- Task item
The data is to be retyped in full, exactly.

Stored items:

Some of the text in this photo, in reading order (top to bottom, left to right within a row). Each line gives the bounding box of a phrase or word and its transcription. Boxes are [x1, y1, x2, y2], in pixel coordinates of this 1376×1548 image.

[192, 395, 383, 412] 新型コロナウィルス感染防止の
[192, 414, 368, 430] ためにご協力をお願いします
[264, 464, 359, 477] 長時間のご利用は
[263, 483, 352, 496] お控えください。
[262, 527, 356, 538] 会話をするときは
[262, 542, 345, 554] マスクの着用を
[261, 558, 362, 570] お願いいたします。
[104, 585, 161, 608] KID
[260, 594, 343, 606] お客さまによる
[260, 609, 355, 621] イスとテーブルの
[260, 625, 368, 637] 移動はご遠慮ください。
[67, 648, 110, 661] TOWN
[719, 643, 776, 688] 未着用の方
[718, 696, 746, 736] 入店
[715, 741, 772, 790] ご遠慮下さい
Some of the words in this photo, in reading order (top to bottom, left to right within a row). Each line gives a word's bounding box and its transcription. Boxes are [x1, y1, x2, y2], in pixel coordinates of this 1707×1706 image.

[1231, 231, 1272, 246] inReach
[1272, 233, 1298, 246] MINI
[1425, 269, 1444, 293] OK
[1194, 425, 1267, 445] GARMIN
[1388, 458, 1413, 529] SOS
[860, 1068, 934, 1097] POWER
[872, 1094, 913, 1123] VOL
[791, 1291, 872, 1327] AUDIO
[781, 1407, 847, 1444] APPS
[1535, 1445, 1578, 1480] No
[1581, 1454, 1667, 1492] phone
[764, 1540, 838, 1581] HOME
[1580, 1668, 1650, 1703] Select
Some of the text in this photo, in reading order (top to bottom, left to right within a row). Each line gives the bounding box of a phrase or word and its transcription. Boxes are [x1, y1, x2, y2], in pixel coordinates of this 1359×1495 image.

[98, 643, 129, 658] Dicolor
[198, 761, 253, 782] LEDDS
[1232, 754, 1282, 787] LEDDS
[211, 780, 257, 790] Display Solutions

- Output of the exercise
Some of the text in this photo, in reading order (top to bottom, left to right within a row). Each line gives the bounding box of a phrase or word and its transcription. Boxes are [x1, y1, x2, y2], in pixel coordinates of this 1376×1548 image.

[192, 395, 383, 412] 新型コロナウィルス感染防止の
[192, 414, 368, 430] ためにご協力をお願いします
[264, 464, 359, 477] 長時間のご利用は
[263, 483, 352, 496] お控えください。
[262, 527, 356, 538] 会話をするときは
[262, 542, 345, 554] マスクの着用を
[261, 558, 362, 570] お願いいたします。
[104, 585, 161, 608] KID
[260, 594, 343, 606] お客さまによる
[260, 609, 355, 621] イスとテーブルの
[260, 625, 368, 637] 移動はご遠慮ください。
[67, 648, 110, 661] TOWN
[719, 643, 776, 688] 未着用の方
[718, 696, 746, 736] 入店
[715, 741, 772, 790] ご遠慮下さい
Some of the words in this photo, in reading order (top to bottom, left to right within a row). Each line gives a word's bounding box and its transcription. Boxes are [x1, y1, x2, y2], in pixel coordinates of this 1707×1706 image.

[1231, 231, 1272, 246] inReach
[1272, 233, 1298, 246] MINI
[1425, 269, 1444, 293] OK
[1194, 425, 1267, 445] GARMIN
[1388, 458, 1413, 529] SOS
[860, 1068, 934, 1097] POWER
[872, 1094, 913, 1123] VOL
[791, 1291, 872, 1327] AUDIO
[781, 1407, 847, 1444] APPS
[1535, 1445, 1578, 1480] No
[1581, 1454, 1667, 1492] phone
[764, 1540, 838, 1581] HOME
[1580, 1668, 1650, 1703] Select
Some of the text in this photo, in reading order (top to bottom, left to right within a row). Each line gives the bounding box of a phrase or word and its transcription. Boxes are [x1, y1, x2, y2], in pixel coordinates of this 1359×1495 image.

[98, 643, 129, 658] Dicolor
[198, 761, 253, 782] LEDDS
[1232, 754, 1282, 787] LEDDS
[211, 780, 257, 790] Display Solutions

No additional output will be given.